Combining low-to-moderate biochar doses (4–8%) with compost (BCC4/8) significantly optimized urban soil physicochemical properties and microbial functionality. Biochar and compost synergistically regulated soil characteristics and enhanced soil utilization efficiency (Figures 2, 3), aligning with previous studies (Biederman and Harpole, 2013; Liang J. et al., 2021; Khaledi et al., 2023). Notably, BCC8 exhibited a marked increase in moisture content compared to CK, consistent with mechanisms by which biochar enhances water retention in Loess Plateau soils (Wang et al., 2018). BCC12 achieved an organic carbon content of 12.66 g/kg, while BCC4 elevated available phosphorus to 9.2 mg/kg, reflecting biochar’s adsorption capacity, stimulation of soil enzyme activity, and mitigation of compost-derived carbon mineralization losses (Li et al., 2025). Moderate biochar addition enhances soil microbial diversity; for instance, 5% biochar altered microbial community structure and increased microbial biomass (Yang et al., 2018). Long-term biochar application elevates bacterial abundance and promotes community diversity (Chen et al., 2018). Biochar addition increased the relative abundance of Bacteroidetes, Actinobacteria, and Acidobacteria while reducing Proteobacteria (Kolton et al., 2011), findings highly consistent with this study. However, high-dose biochar (12%) suppressed Proteobacteria activity by 12% compared to CK due to C/N imbalance and adsorption overload, underscoring the need for precise carbon load regulation in urban soil remediation. In agricultural systems, biochar exceeding 20 t/ha reduces crop yields (Farhangi-Abriz et al., 2021). In contrast, the previous research reported sustained synergism at high doses, potentially due to urban soil constraints like high compaction and low organic matter limiting microbial adaptation (Liu Y. et al., 2022; Han et al., 2023).

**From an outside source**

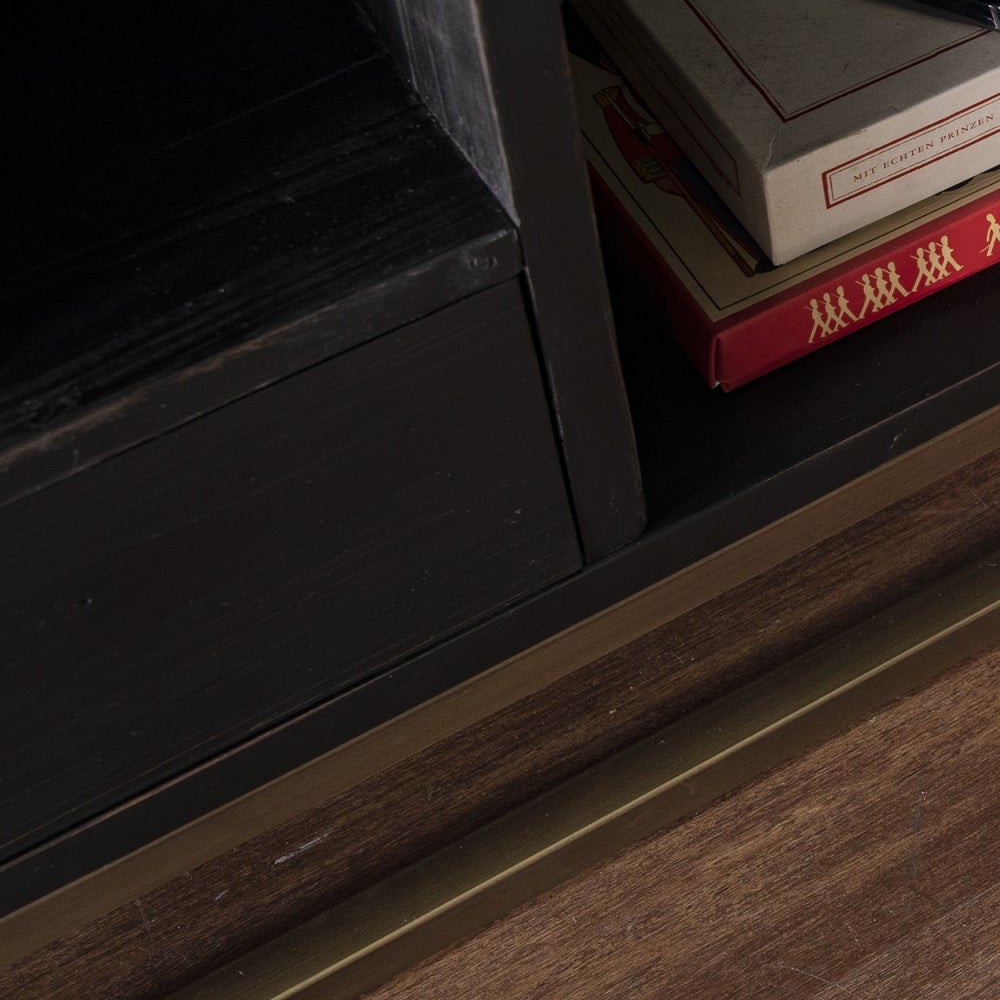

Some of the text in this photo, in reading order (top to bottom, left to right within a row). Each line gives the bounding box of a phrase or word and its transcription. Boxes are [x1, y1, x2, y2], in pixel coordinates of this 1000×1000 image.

4.2 Microbial community restructuring and functional responses
Metagenomic analysis revealed that the combined treatment (BCC8) significantly enriched Acidobacteria (8.72%) and Nitrospira (1.42%), driving carbon fixation gene abundance (Figures 4, 5). The enrichment of Acidobacteria, oligotrophic specialists, correlated with stable carbon input from biochar (Kolton et al., 2011), while Nitrospira proliferation likely responded to compost-derived ammonium nitrogen (Yao et al., 2017), as COM exhibited 53.01 mg/kg nitrate nitrogen (Table 1). Although biochar addition altered microbial community composition without significantly affecting alpha diversity in maize systems (Hu et al., 2023), this study observed distinct alpha and beta diversity variations across treatments (Figure 10), highlighting differential impacts of biochar dose and compost interactions. Long-term biochar effects on microbial communities were evident in rice paddies 3–4 years post-application (Zheng et al., 2016; Wang et al., 2021); here, shifts occurred within 1 year of single or combined biochar-compost application, with temporal dynamics to be explored in future studies. Proteobacteria dominated compost-only treatments (35.81%) but were suppressed in combined treatments due to biochar adsorption, indicating carbon-nutrient coupling balances copiotrophic and oligotrophic competition.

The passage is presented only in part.